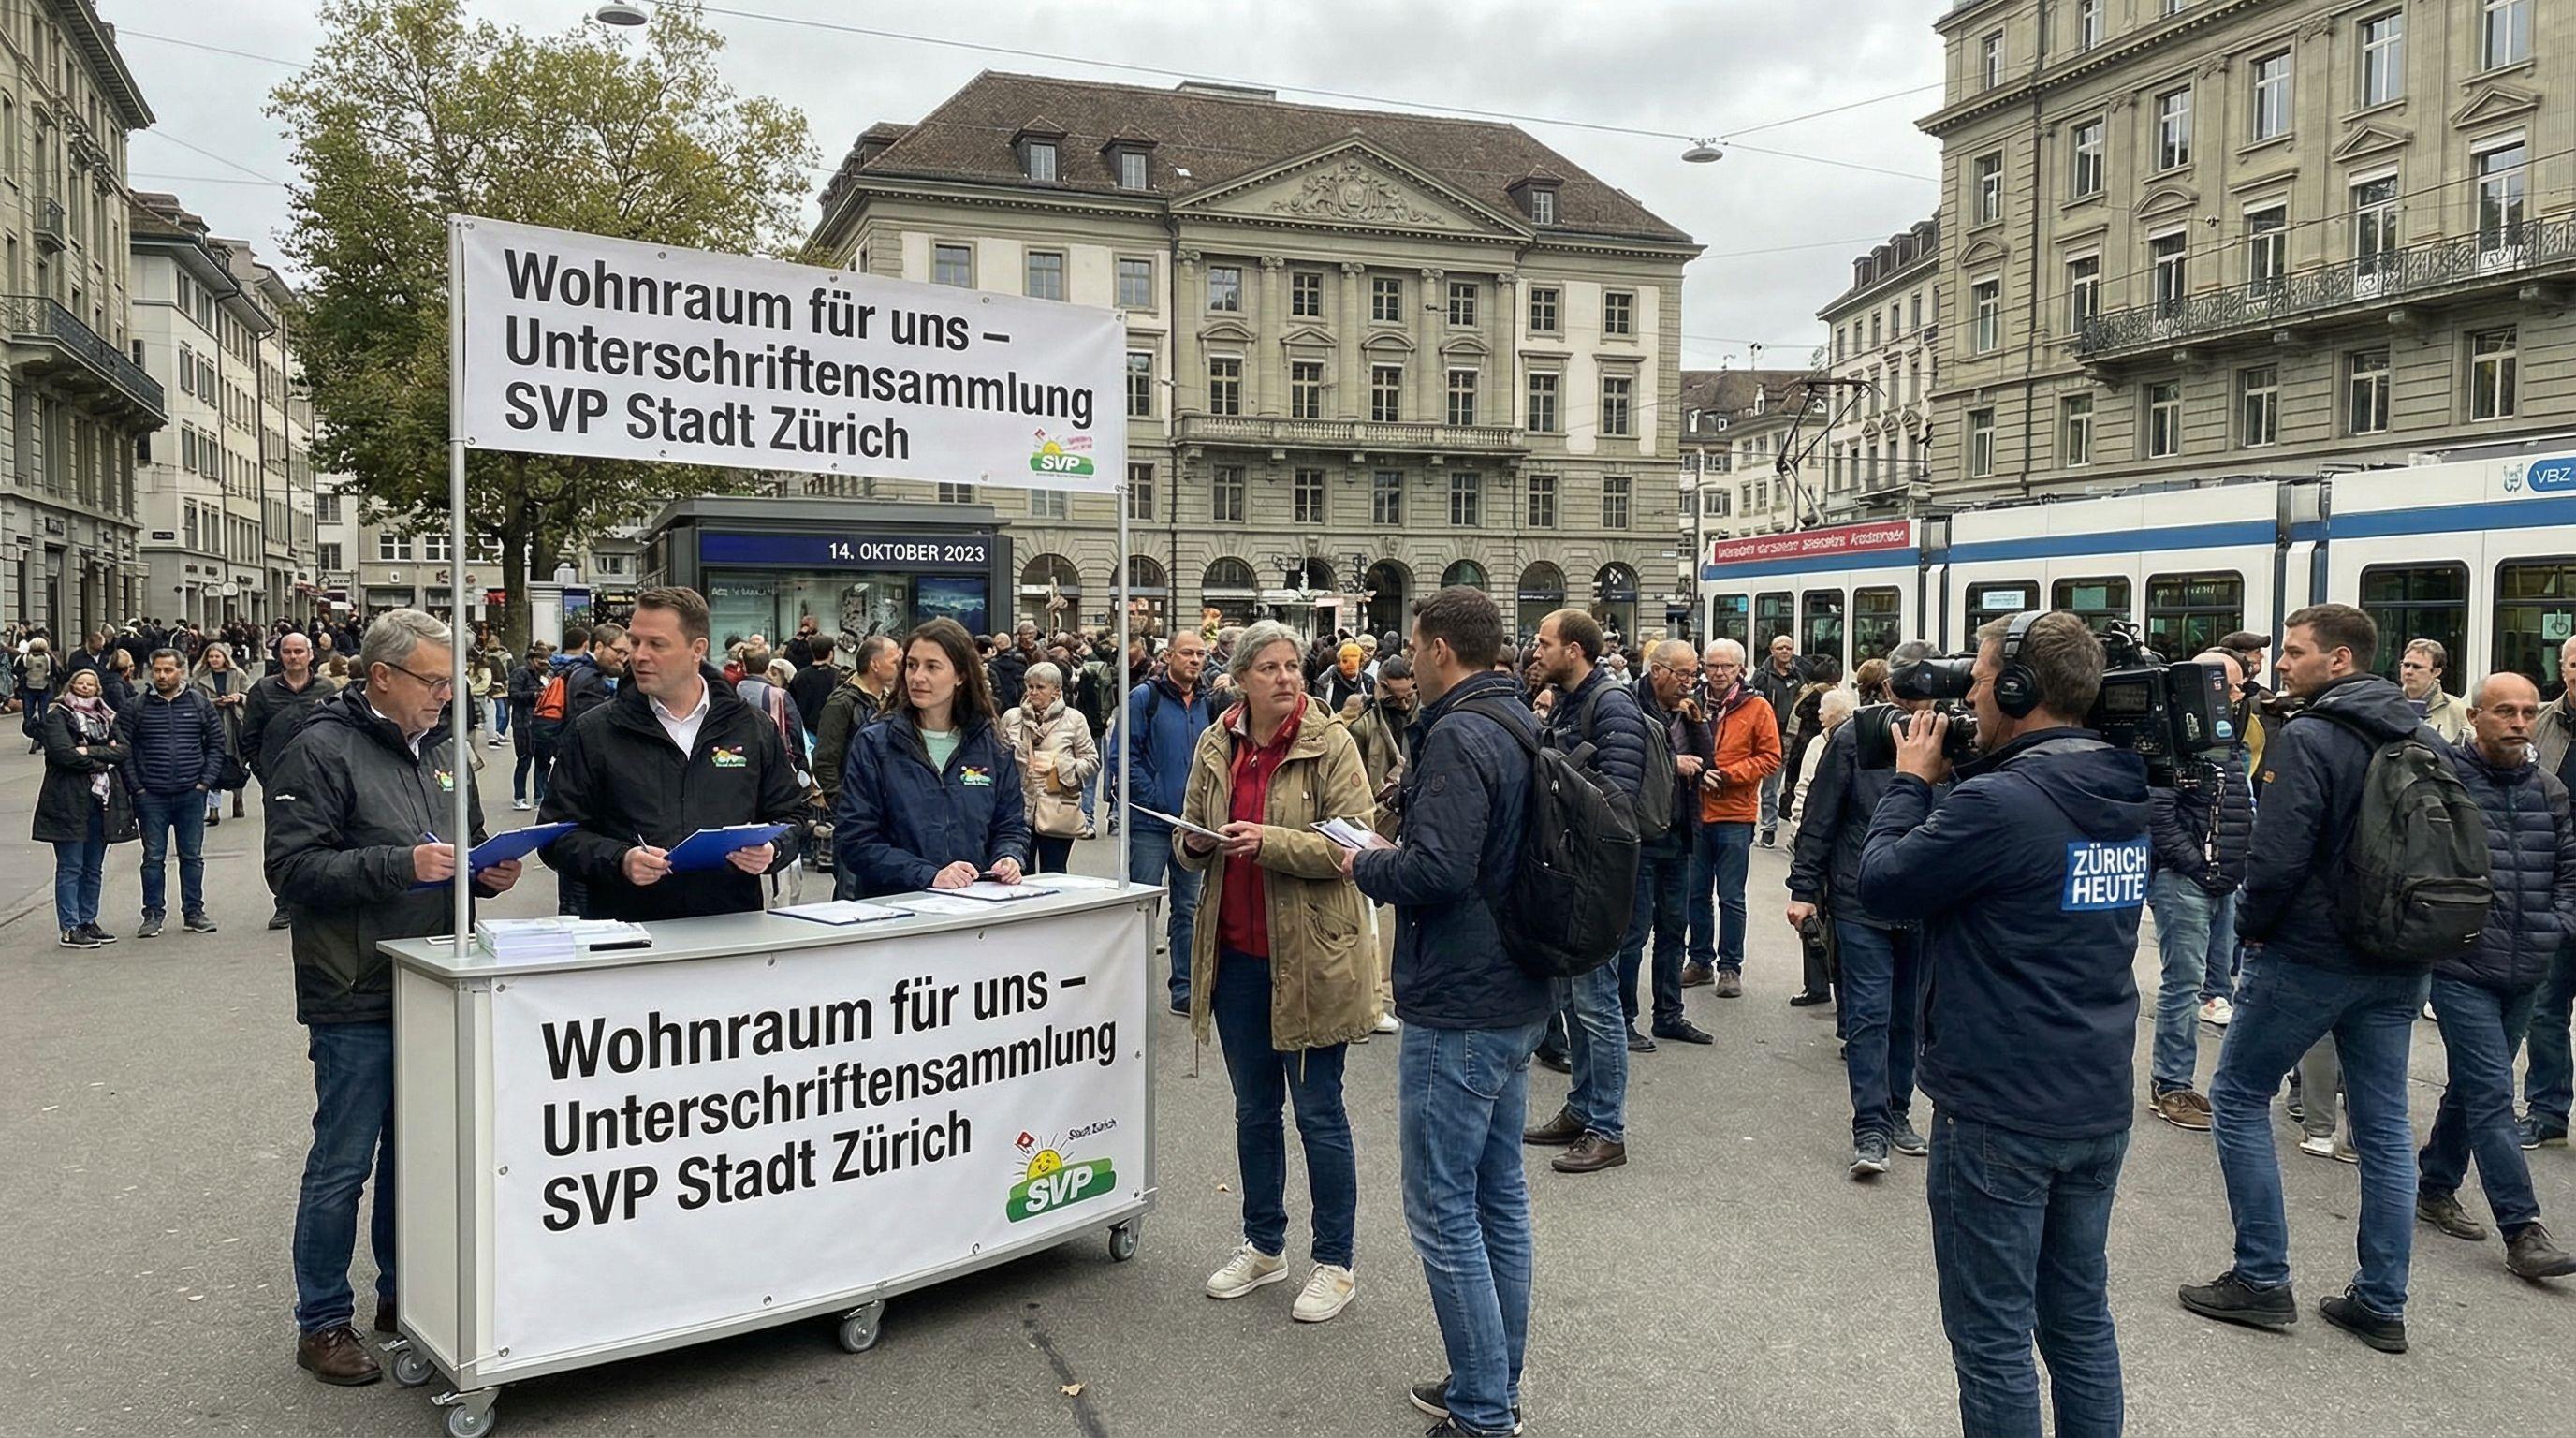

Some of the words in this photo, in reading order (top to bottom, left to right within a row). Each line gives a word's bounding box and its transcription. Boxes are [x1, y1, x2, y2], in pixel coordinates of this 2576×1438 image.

[504, 248, 791, 330] Wohnraum
[808, 287, 876, 340] für
[891, 309, 969, 351] uns
[506, 315, 1093, 430] Unterschriftensammlung
[505, 381, 608, 434] SVP
[626, 392, 756, 448] Stadt
[769, 405, 909, 460] Zürich
[1041, 455, 1080, 471] SVP
[2536, 467, 2572, 484] VBZ
[829, 542, 855, 560] 14.
[859, 543, 939, 561] OKTOBER
[944, 545, 985, 562] 2023
[2071, 873, 2145, 904] HEUTE
[2073, 843, 2147, 876] ZÜRICH
[541, 999, 872, 1081] Wohnraum
[889, 976, 959, 1035] für
[974, 971, 1048, 1020] uns
[544, 1020, 1116, 1157] Unterschriftensammlung
[543, 1166, 658, 1232] SVP
[677, 1139, 816, 1211] Stadt
[832, 1109, 971, 1183] Zürich
[1026, 1166, 1093, 1212] SVP

==================================================

**TASK ITEM**
Every entry above needs to be copied exactly, apart from its pictures.

**REPLY**
Some of the words in this photo, in reading order (top to bottom, left to right within a row). Each line gives a word's bounding box and its transcription. Boxes are [x1, y1, x2, y2], in pixel coordinates of this 2576×1438 image.

[504, 248, 791, 330] Wohnraum
[808, 287, 876, 340] für
[891, 309, 969, 351] uns
[506, 315, 1093, 430] Unterschriftensammlung
[505, 381, 608, 434] SVP
[626, 392, 756, 448] Stadt
[769, 405, 909, 460] Zürich
[1041, 455, 1080, 471] SVP
[2536, 467, 2572, 484] VBZ
[829, 542, 855, 560] 14.
[859, 543, 939, 561] OKTOBER
[944, 545, 985, 562] 2023
[2071, 873, 2145, 904] HEUTE
[2073, 843, 2147, 876] ZÜRICH
[541, 999, 872, 1081] Wohnraum
[889, 976, 959, 1035] für
[974, 971, 1048, 1020] uns
[544, 1020, 1116, 1157] Unterschriftensammlung
[543, 1166, 658, 1232] SVP
[677, 1139, 816, 1211] Stadt
[832, 1109, 971, 1183] Zürich
[1026, 1166, 1093, 1212] SVP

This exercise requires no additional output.